Bölüm 94 - On Bine Karşı

avatar
634 4

Ejdertanrı Efsanesi - Bölüm 94 - On Bine Karşı


Satou, üzerine koşan devasa Namevt sürüsünü görünce yutkundu.


“Bu, ejderhadan daha zor olacak.”


Sırtında bir sürü yara vardı. Yavaşça o yaralar iyileşse de fazla derin olduğundan zaman alıyordu. Uzun menzilli saldırılarla uzaktan da kesemezdi. Manası çok hızlı tükenirdi. Mecburen o formu kullanmak zorundaydı.


“Hahah… Bunu kontrollü bir şekilde kullanma fırsatımın asla gelmeyeceğini düşünüyordum. Başlayalım bakalım.”


Ejder manası korkunç bir hızla etrafını kapladı. Öyle ki turuncu bir enerjinin etrafında dört döndüğü en sıradan göz bile görülebilirdi.
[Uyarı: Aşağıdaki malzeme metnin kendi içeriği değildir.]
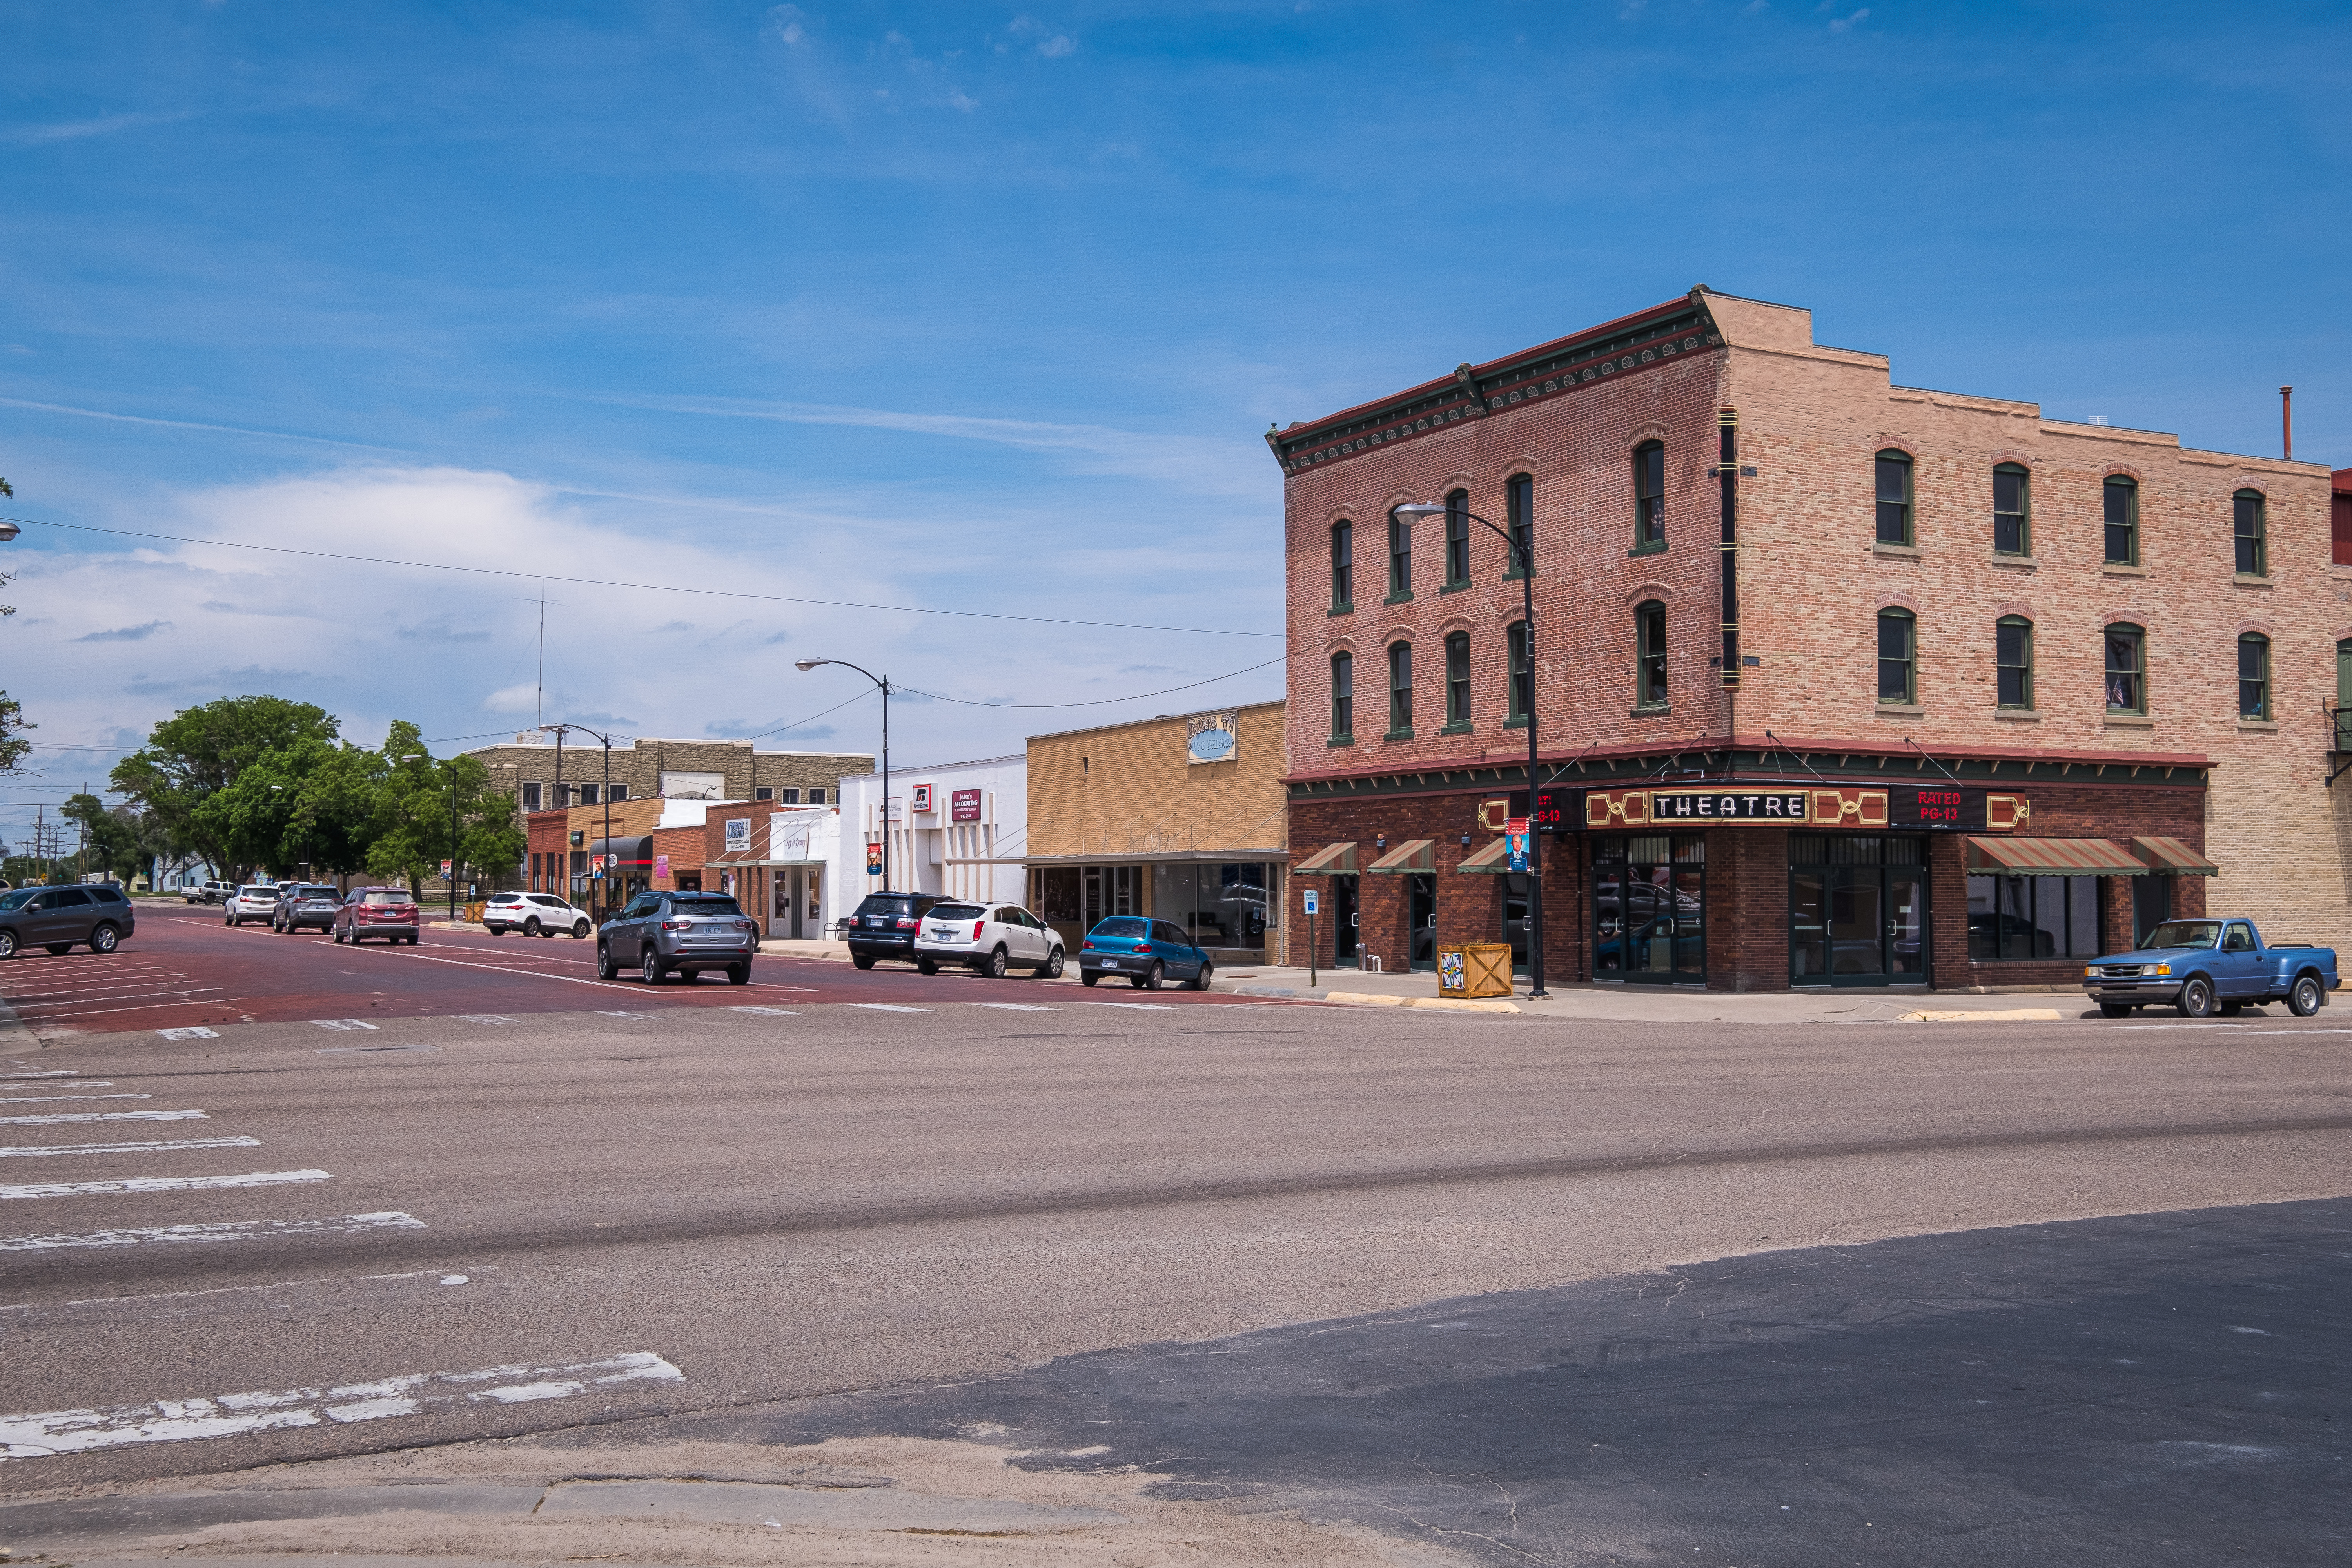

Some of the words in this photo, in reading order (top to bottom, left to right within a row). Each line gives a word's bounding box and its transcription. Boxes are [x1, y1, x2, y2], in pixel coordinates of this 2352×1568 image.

Göz rengi kızıla, göz bebeğiyse elips şekline büründü. Kanatlarını artık gizlemesinin bir anlamı olmadığından ve her manası önemli olduğundan onu da gizlemeyi bıraktı. Artık apaçık görkemli kanatları ortadaydı.


Vücudu hızla pullanmaya başlarken ayakkabıları parçalandı ve ayak tırnakları uzadı. Ayağının şeklide biraz değişti ve ejderha pençelerine benzer bir hal aldı. Vücudunun neredeyse tamamı pullarla kaplanmıştı. Elleri zaten ejderha formunda olduğundan bir dönüşüm geçirmedi.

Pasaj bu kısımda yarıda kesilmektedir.